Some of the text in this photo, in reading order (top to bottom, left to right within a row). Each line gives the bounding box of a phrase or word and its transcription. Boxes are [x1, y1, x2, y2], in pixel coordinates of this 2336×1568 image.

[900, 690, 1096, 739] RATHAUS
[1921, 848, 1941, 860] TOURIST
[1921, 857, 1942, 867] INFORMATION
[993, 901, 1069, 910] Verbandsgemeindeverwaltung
________________________
- What you should do: With nothing omitted, set down all of the records again.

- Solution to the problem:
Some of the text in this photo, in reading order (top to bottom, left to right within a row). Each line gives the bounding box of a phrase or word and its transcription. Boxes are [x1, y1, x2, y2], in pixel coordinates of this 2336×1568 image.

[900, 690, 1096, 739] RATHAUS
[1921, 848, 1941, 860] TOURIST
[1921, 857, 1942, 867] INFORMATION
[993, 901, 1069, 910] Verbandsgemeindeverwaltung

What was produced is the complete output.